Although Theresa May did survive such a confidence vote and limped on for another seven months, ministers believe Johnson would lose one. Hardline Eurosceptics were an easier enemy for May loyalists to spot and a majority of Tory MPs were not ready to change leader. Johnson has several disparate groups coming for him and, with the view hardening that it’s a question of “when, not if”, once a confidence vote is called, his time will almost certainly be up.

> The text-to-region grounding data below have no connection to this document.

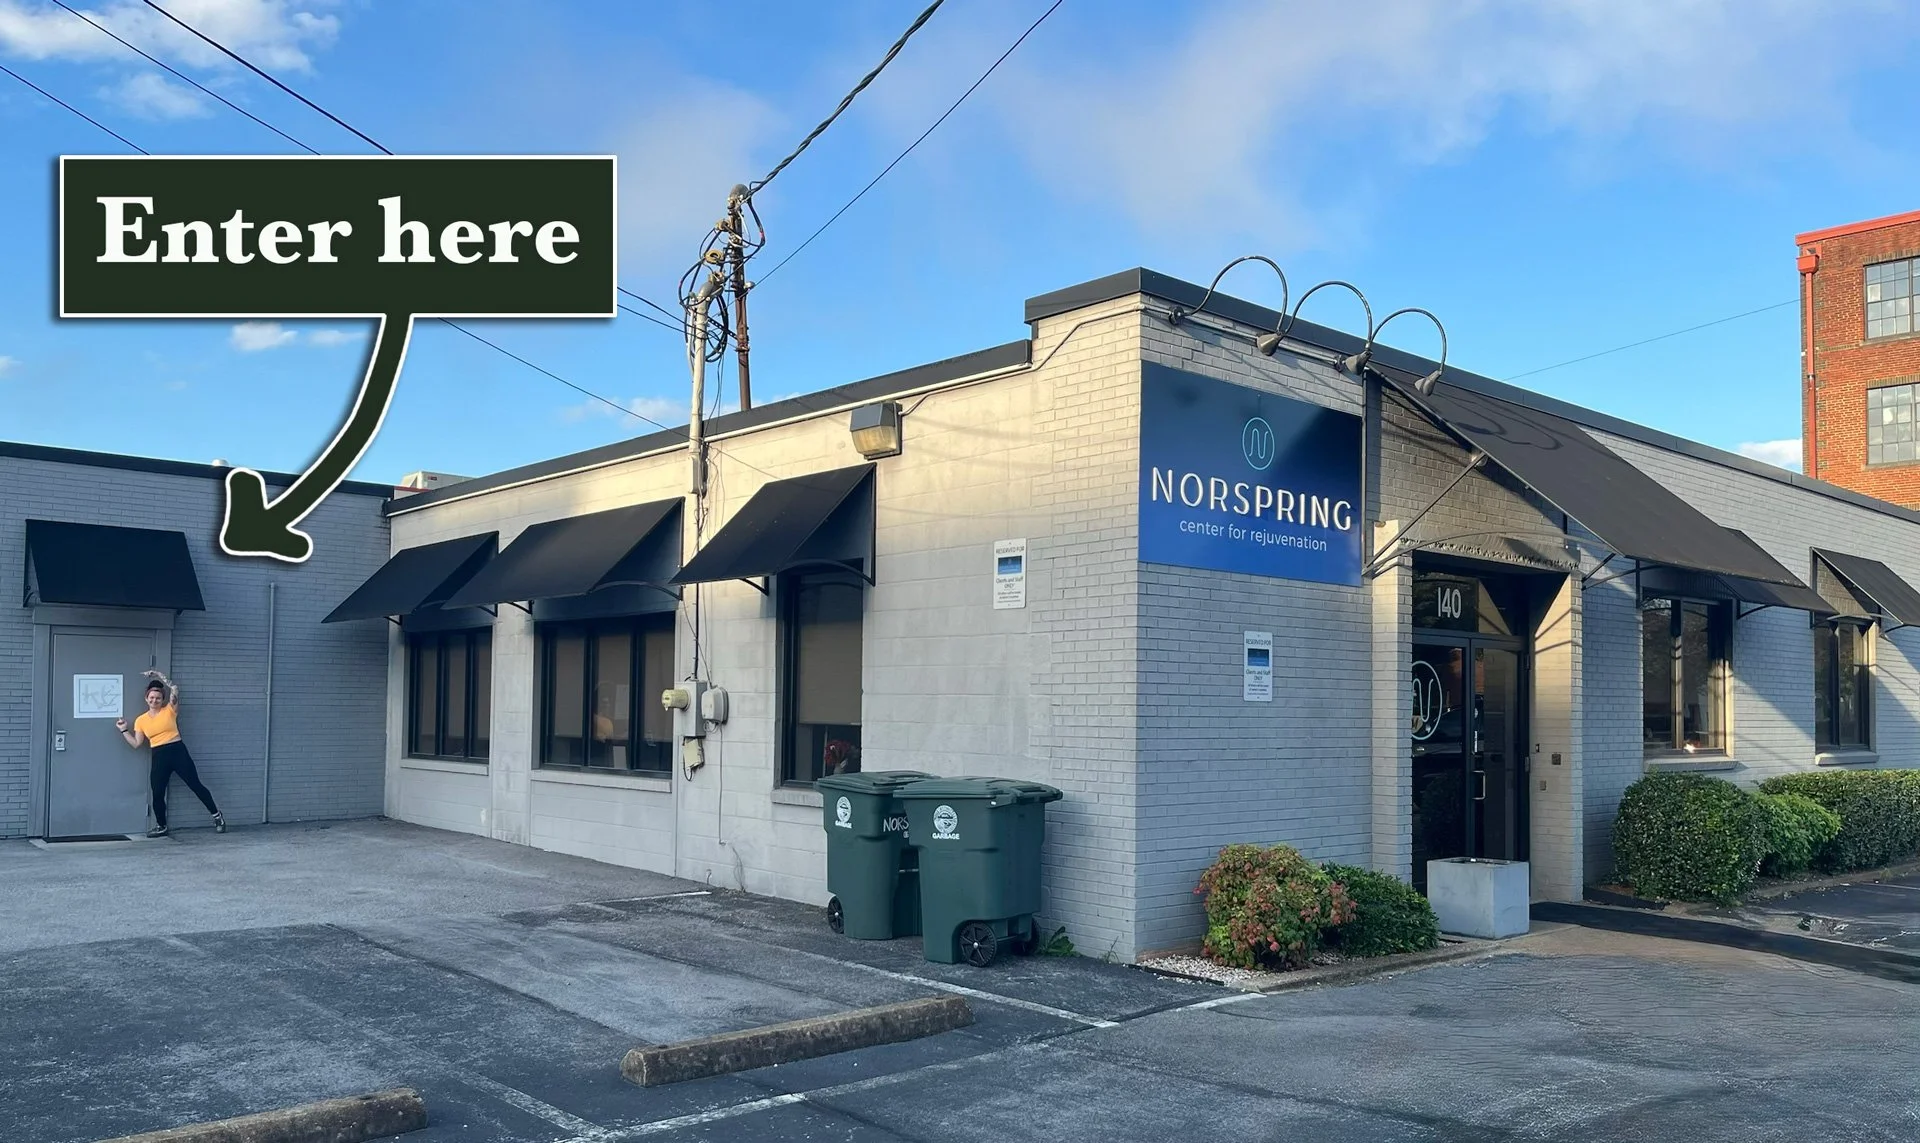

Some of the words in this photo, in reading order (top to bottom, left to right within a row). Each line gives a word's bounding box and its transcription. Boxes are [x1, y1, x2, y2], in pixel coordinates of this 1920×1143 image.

[1152, 466, 1352, 532] NORSPRING
[1179, 519, 1225, 537] center
[1228, 523, 1247, 541] for
[1250, 529, 1328, 552] rejuvenation
[1437, 587, 1462, 619] 140
[932, 832, 960, 840] GARBAGE
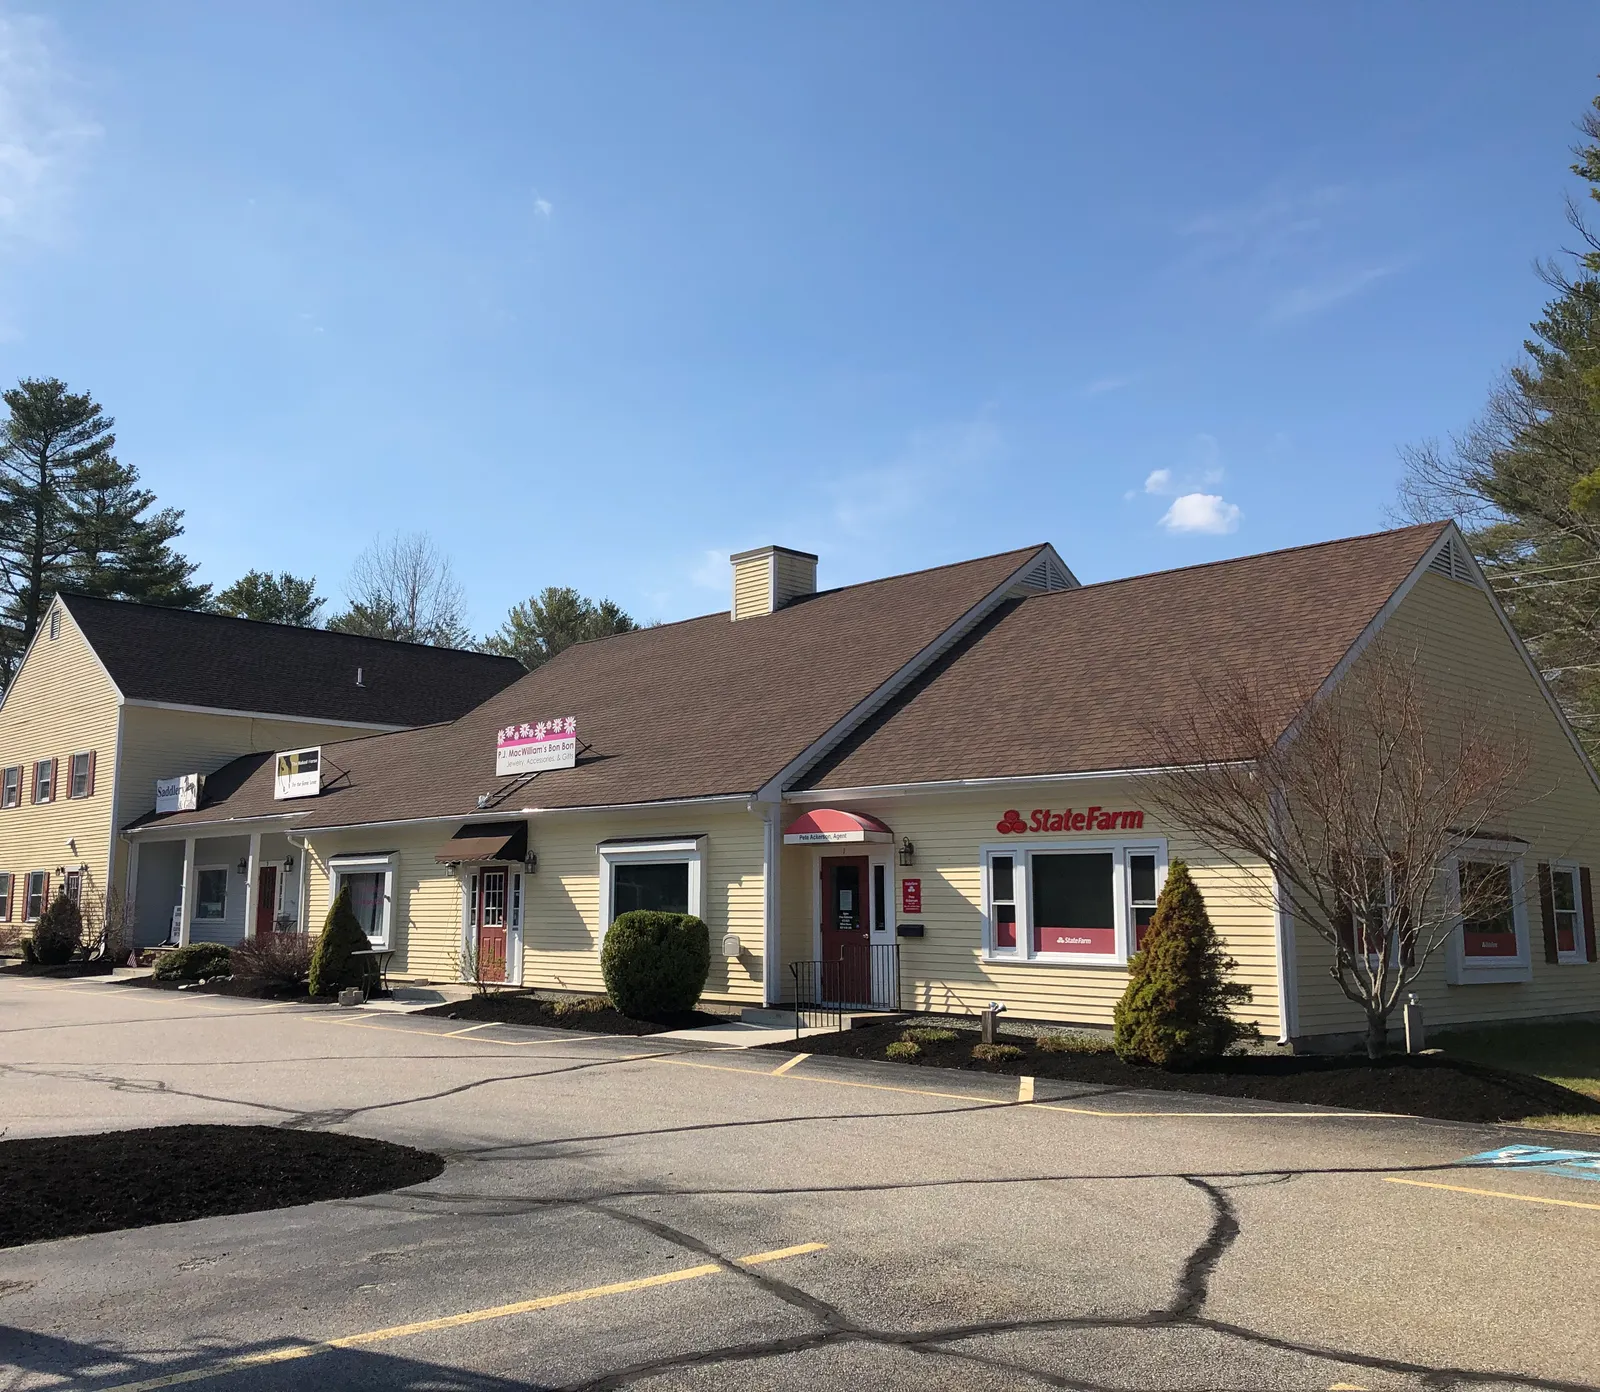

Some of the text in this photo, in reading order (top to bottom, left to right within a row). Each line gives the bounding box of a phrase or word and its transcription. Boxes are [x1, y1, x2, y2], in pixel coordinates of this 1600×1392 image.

[509, 745, 547, 758] MacWilliam's
[548, 743, 561, 753] Bon
[562, 742, 574, 751] Bon
[1029, 806, 1144, 833] StateFarm

The generational split inside the Tory party is very bad for Johnson. The young guns are fiercely independent; many did not expect to win their seats in 2019 and are now determined to do whatever it takes to keep them. The whips’ usual threats and blandishments cut little ice with them. Attacking the rebels as naïve, still wearing political short trousers and bitter about not winning promotions is backfiring on Johnson loyalists; as a result, more letters demanding a confidence vote were submitted today to Sir Graham Brady, chair of the 1922 Committee.

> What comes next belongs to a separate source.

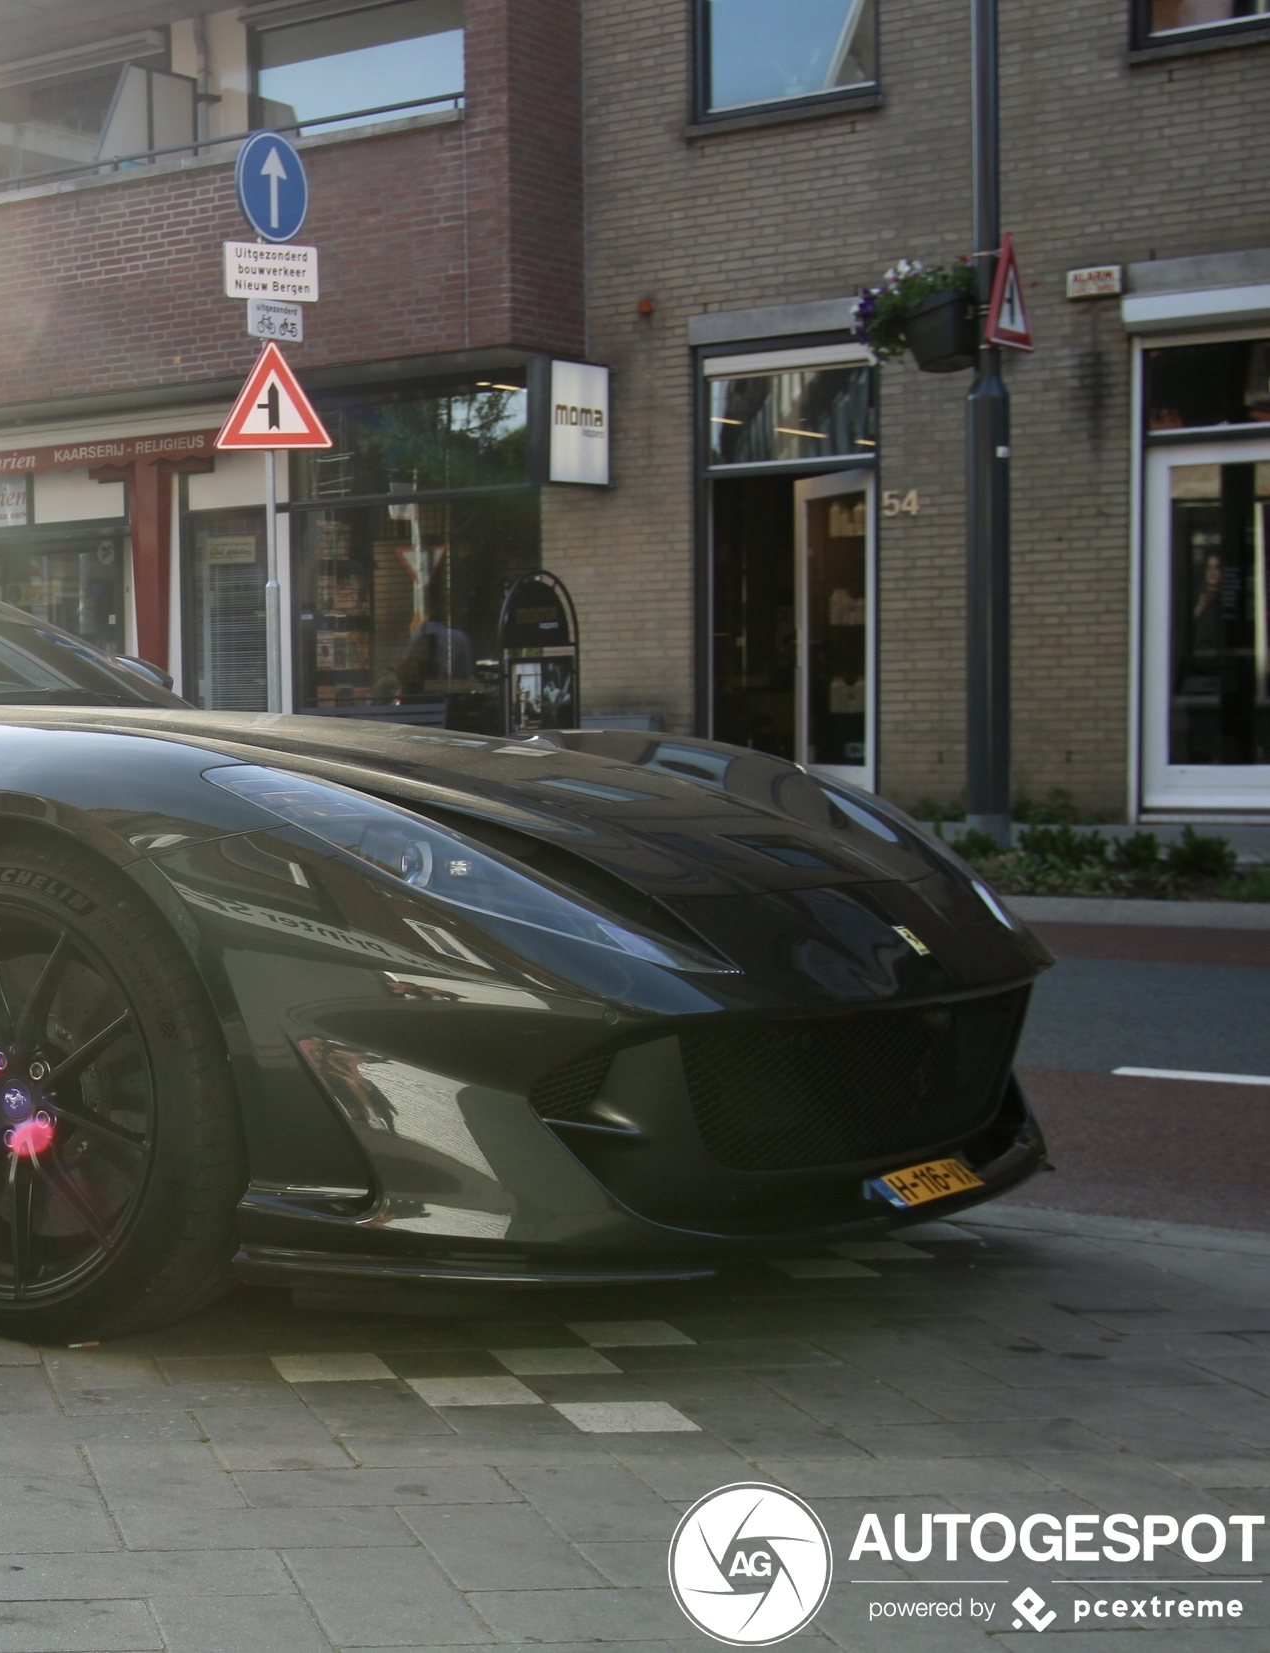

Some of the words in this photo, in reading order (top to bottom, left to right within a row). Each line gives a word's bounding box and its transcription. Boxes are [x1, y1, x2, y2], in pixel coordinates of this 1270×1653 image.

Other Tories are deliberately holding back until after the Gray report so they can go public then, to counteract the inevitable Number 10 spin operation designed to save the PM. Although some want to wait until after the 5 May local elections, MPs with elections in their patches seem more likely to want Johnson removed before the contest so they don’t “sacrifice” councillors and a base that could help them retain their seats at the general election. The bad news for Johnson is that there are elections in 33 metropolitan districts and 17 other authorities in the north and Midlands.
Anxiety levels among Tory MPs in the region will be enhanced by a JL Partners survey for Channel 4 News on Wednesday suggesting the Tories would lose all but three of the 45 red wall seats polled. In a remarkable turnaround, Labour is on 48 per cent and the Tories 37 per cent, below Labour’s 39 per cent for these specific seats at the 2019 election.
No wonder MPs, who only three months ago were praising Johnson to the skies at the Tory conference, have turned against him. Yes, politics is a cruel game, and brutal trade. But so it was when Johnson played a pivotal role in ousting May.
Johnson pretends to “take responsibility” while desperately hoping the Gray inquiry will enable him to shuffle it off on to others. He has convinced himself he is the victim of others’ mistakes. In fact, he is the victim of his own casual relationship with the rules and the truth.